→ Task prompt
Please give back each entry below unaltered, leaving the pictures out.
-*-*-
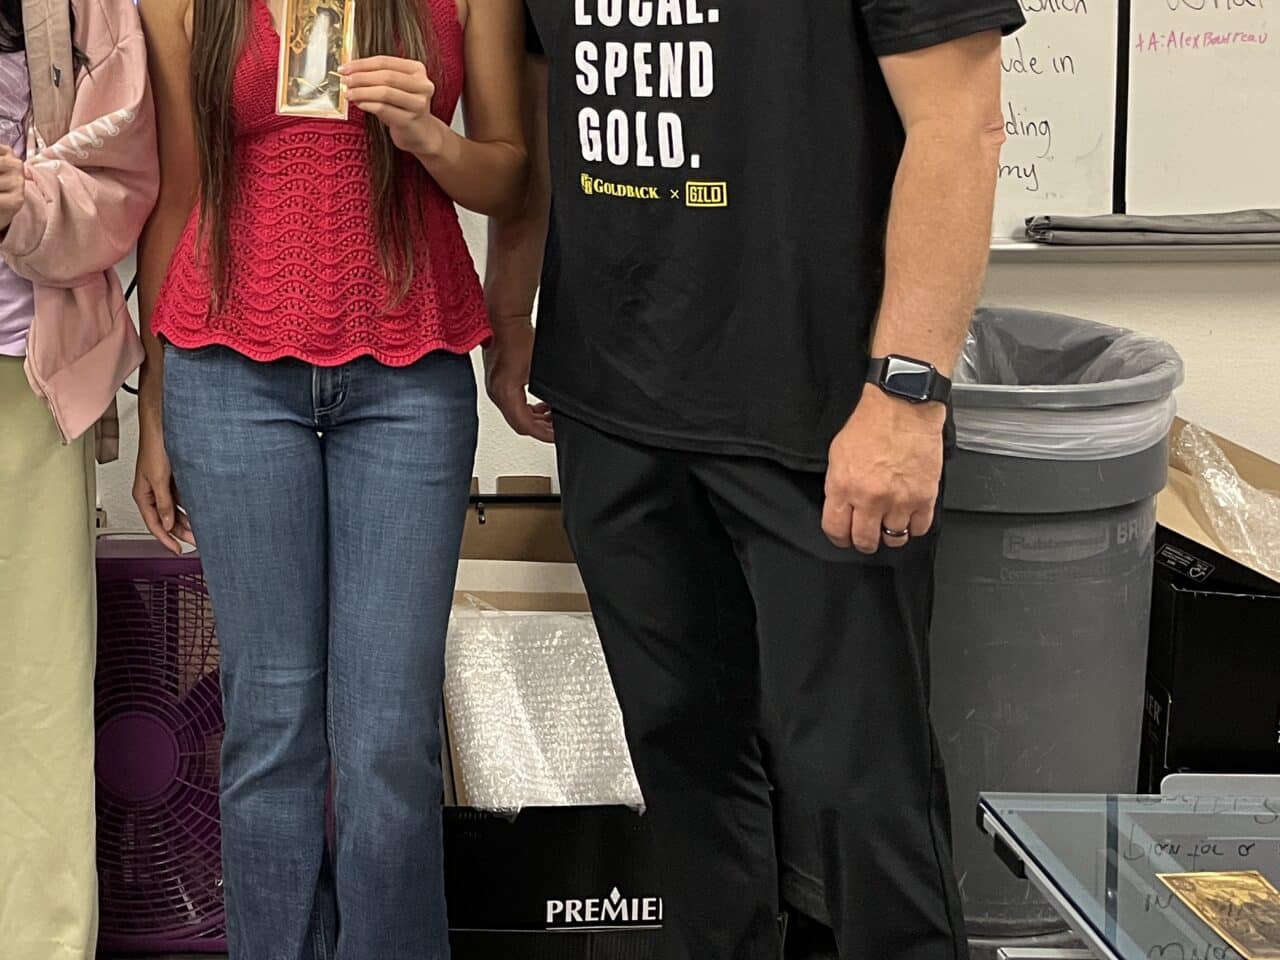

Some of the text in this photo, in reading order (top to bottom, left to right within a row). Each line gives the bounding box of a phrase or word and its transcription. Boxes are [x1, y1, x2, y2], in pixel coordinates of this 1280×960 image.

[574, 40, 715, 99] SPEND
[1052, 45, 1075, 75] in
[577, 106, 701, 169] GOLD.
[593, 177, 661, 200] GOLDBACK
[689, 184, 722, 204] GILD
[545, 896, 663, 923] PREMIE
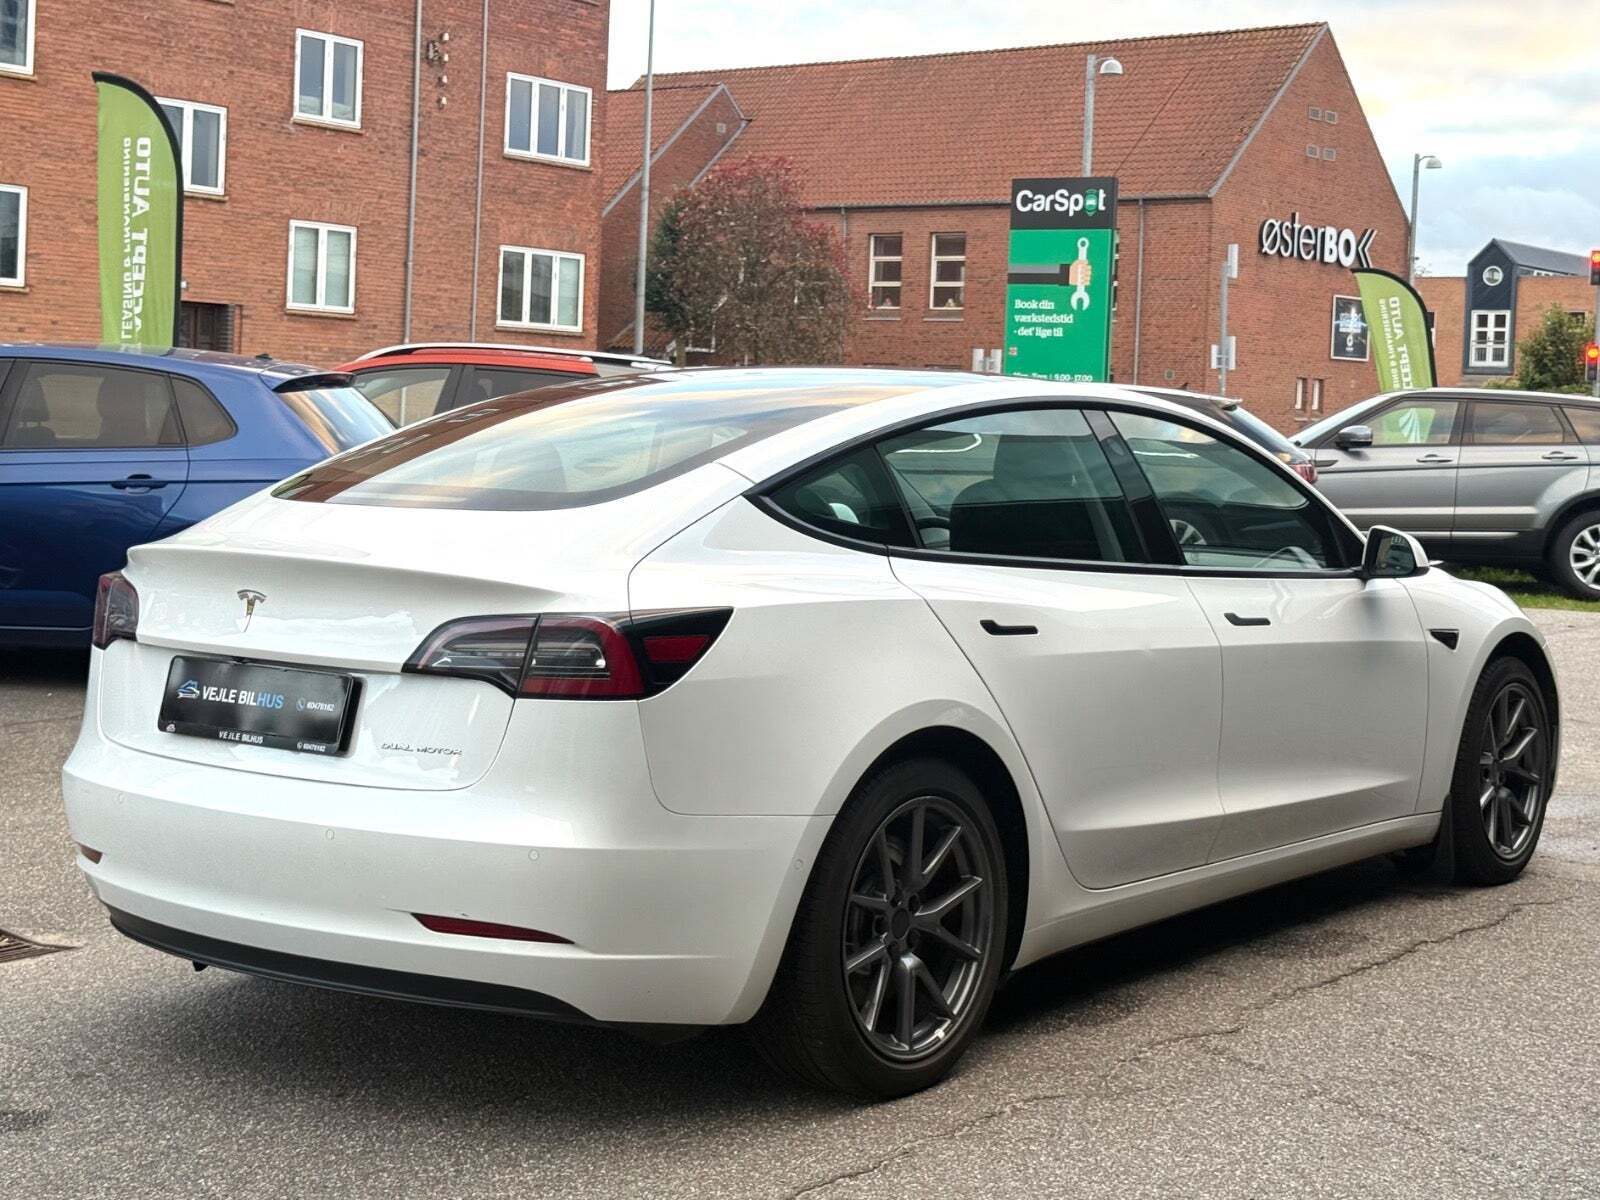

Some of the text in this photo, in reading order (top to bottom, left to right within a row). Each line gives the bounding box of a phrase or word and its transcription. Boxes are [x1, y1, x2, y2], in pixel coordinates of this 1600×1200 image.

[1015, 188, 1106, 217] CarSpot
[1014, 299, 1055, 310] Book din
[1014, 313, 1074, 324] værkstedstid
[1035, 327, 1053, 339] lige
[1053, 327, 1063, 337] til
[202, 685, 284, 709] VEJLE BILHUS
[218, 730, 264, 744] VEJLE BILHUS
[381, 742, 463, 755] DUAL MOTOR
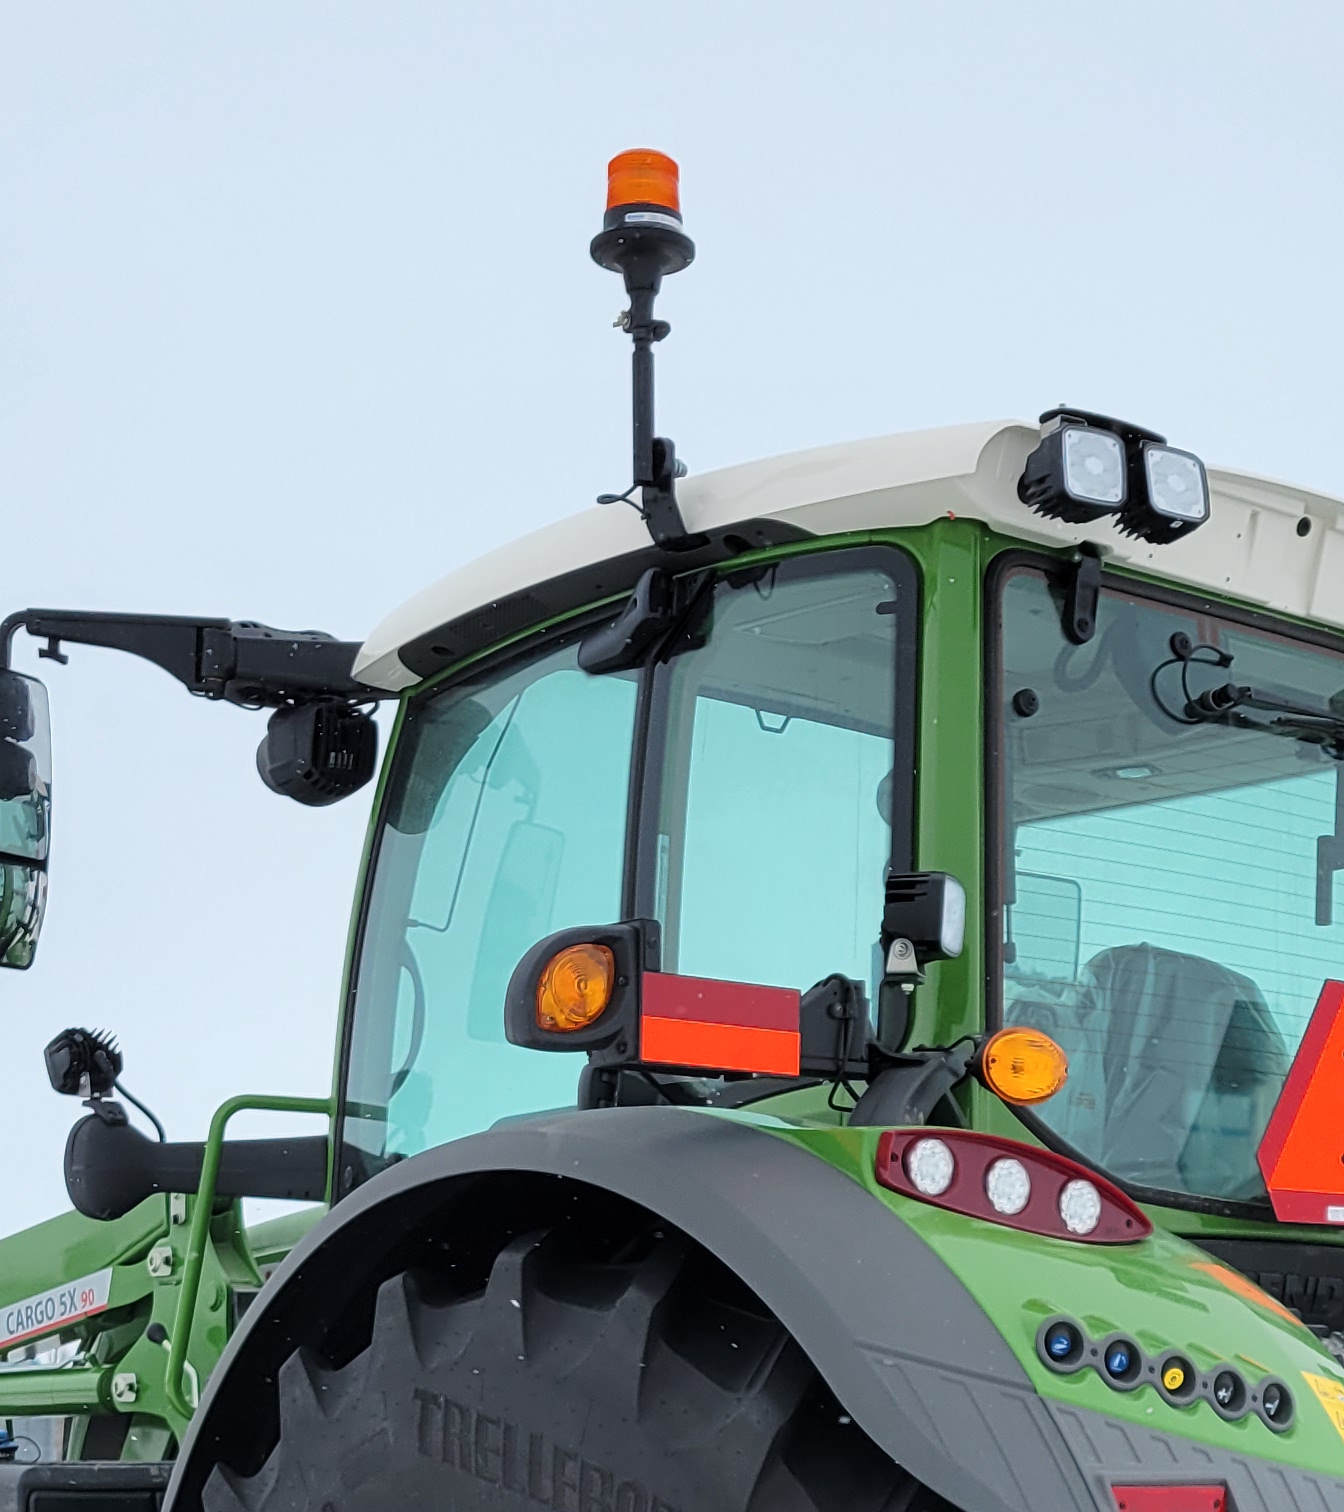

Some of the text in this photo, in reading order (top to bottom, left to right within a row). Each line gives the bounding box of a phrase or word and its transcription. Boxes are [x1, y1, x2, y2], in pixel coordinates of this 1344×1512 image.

[6, 1287, 95, 1335] CARGO 5X 90
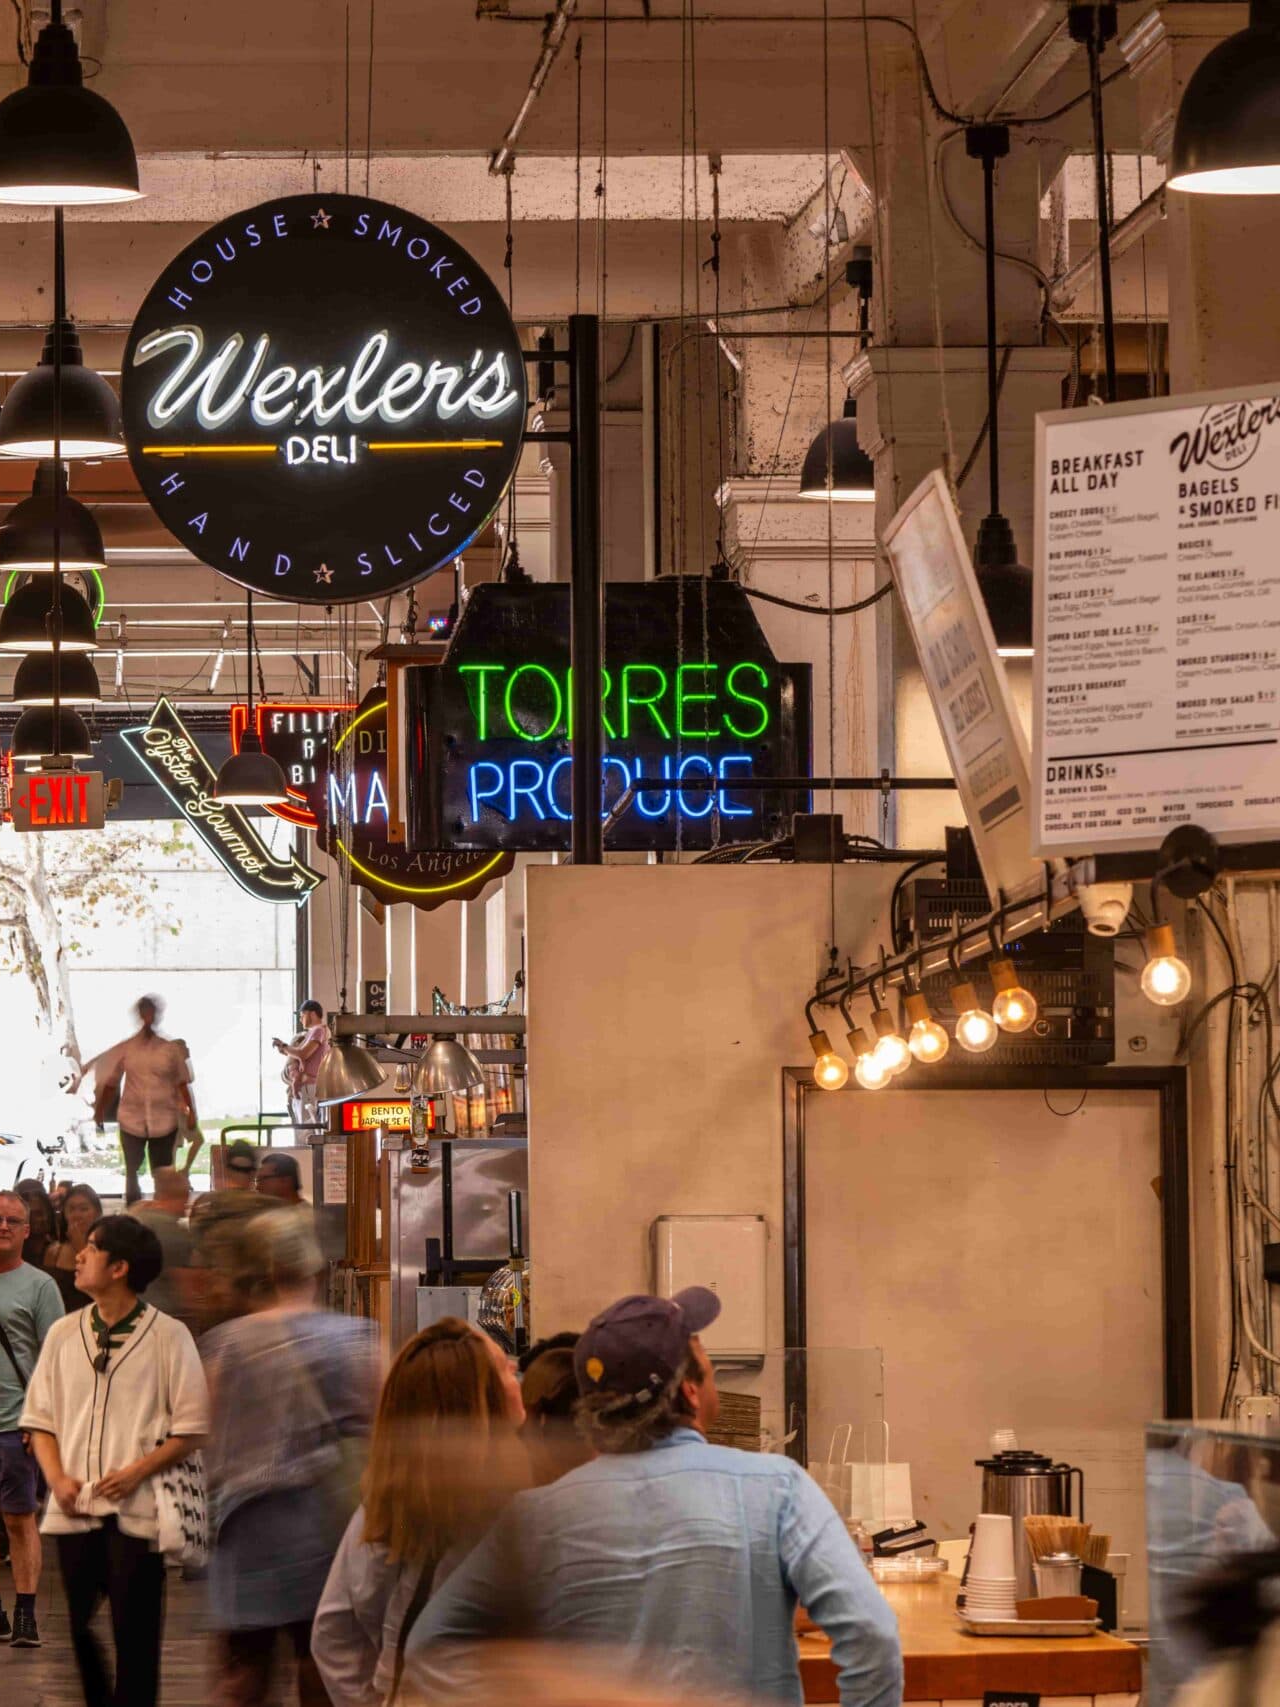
-*-*-
→ Written solution
Some of the text in this photo, in reading order (top to bottom, left to right within a row). Each line gives the bounding box of a phrase or word and its transcription. Boxes are [x1, y1, x2, y2], in pixel coordinates of this 1280×960 image.

[574, 40, 715, 99] SPEND
[1052, 45, 1075, 75] in
[577, 106, 701, 169] GOLD.
[593, 177, 661, 200] GOLDBACK
[689, 184, 722, 204] GILD
[545, 896, 663, 923] PREMIE

Some of the text in this photo, in reading order (top to bottom, left to right within a row). Each line gives the bounding box of a phrase or word and its transcription. Boxes are [x1, y1, x2, y2], in pixel coordinates of this 1600×1200 image.

[1015, 188, 1106, 217] CarSpot
[1014, 299, 1055, 310] Book din
[1014, 313, 1074, 324] værkstedstid
[1035, 327, 1053, 339] lige
[1053, 327, 1063, 337] til
[202, 685, 284, 709] VEJLE BILHUS
[218, 730, 264, 744] VEJLE BILHUS
[381, 742, 463, 755] DUAL MOTOR

Some of the text in this photo, in reading order (top to bottom, left to right within a row). Each line gives the bounding box of a phrase or word and its transcription. Boxes are [x1, y1, x2, y2], in pixel coordinates of this 1344×1512 image.

[6, 1287, 95, 1335] CARGO 5X 90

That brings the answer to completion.